Building Representative Sets Of RNA 3D Structures and Selecting High Quality Loops
This dissertation contains two types of work. The first is the creation and maintenance of our data pipeline. This chapter focuses on the technical work behind the extension of our pipeline. In general, this work extends our previous pipeline to import more data as well as standardizing several parts of the pipeline. As a result, this work provides a framework for future modifications of the pipeline. This work was driven both by the move from RNA 3D structures being provided in mmCIF format instead of the more limited PDB format, as well as the need to clean up the previous version of the pipeline.
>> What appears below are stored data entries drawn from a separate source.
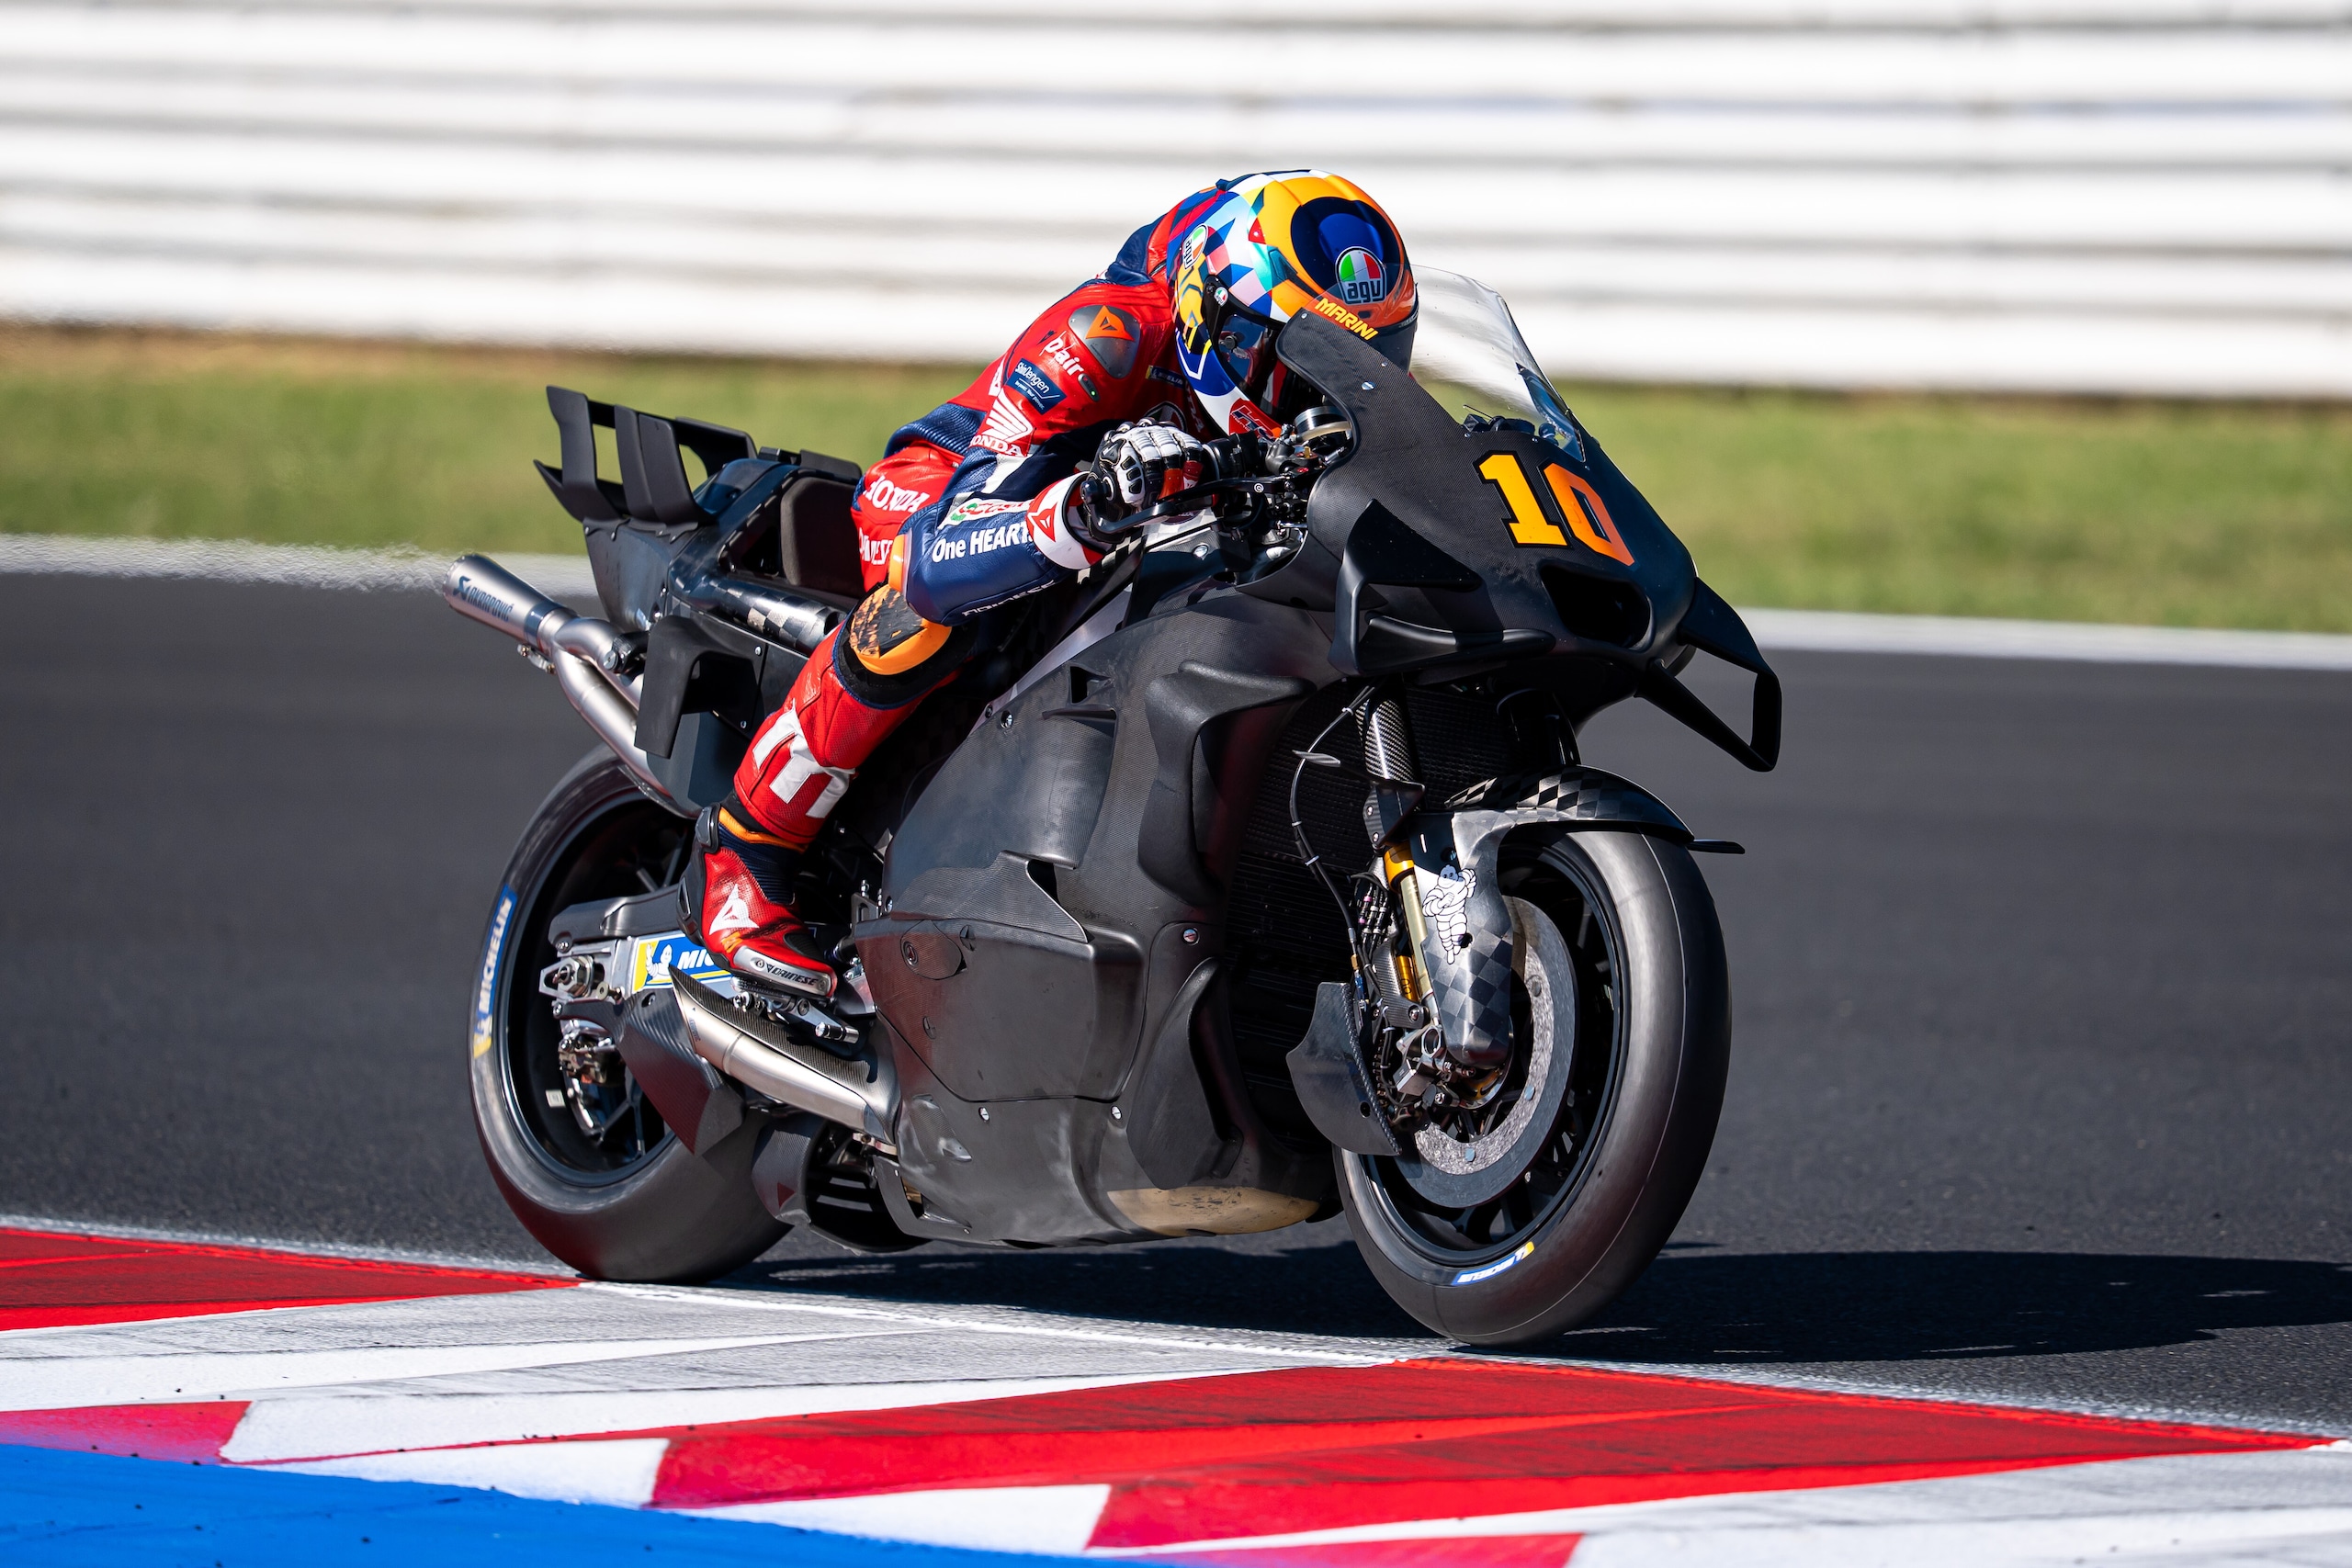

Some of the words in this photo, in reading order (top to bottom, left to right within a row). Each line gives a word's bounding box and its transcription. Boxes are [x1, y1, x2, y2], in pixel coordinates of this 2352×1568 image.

[1315, 298, 1378, 340] MARINI
[1476, 453, 1636, 568] 10
[932, 538, 967, 563] One
[478, 897, 513, 1015] MICHELIN
[771, 967, 819, 986] DAINESE
The second type of work is scientific including my work on creating equivalence classes for all RNA 3D structures, using these sets to build representative sets and then how to use these representative sets along with new quality data to select a set of high quality loops for future analysis. The new work on equivalence classes and representative sets was driven by the move from PDB to mmCIF formats. This move forced the redesign of the previous method, as it would only use the largest chain in each PDB file. This change allowed me to reconsider the approach and allowed several improvements.
The work on loop quality was prompted by the release of new structure quality data, Real Space R Z-Score (RSRZ). This data allows the examination of how well a proposed structure fits the data it is built from. By using this we can limit our studies of RNA loops to only those that are from high quality, well modeled structures.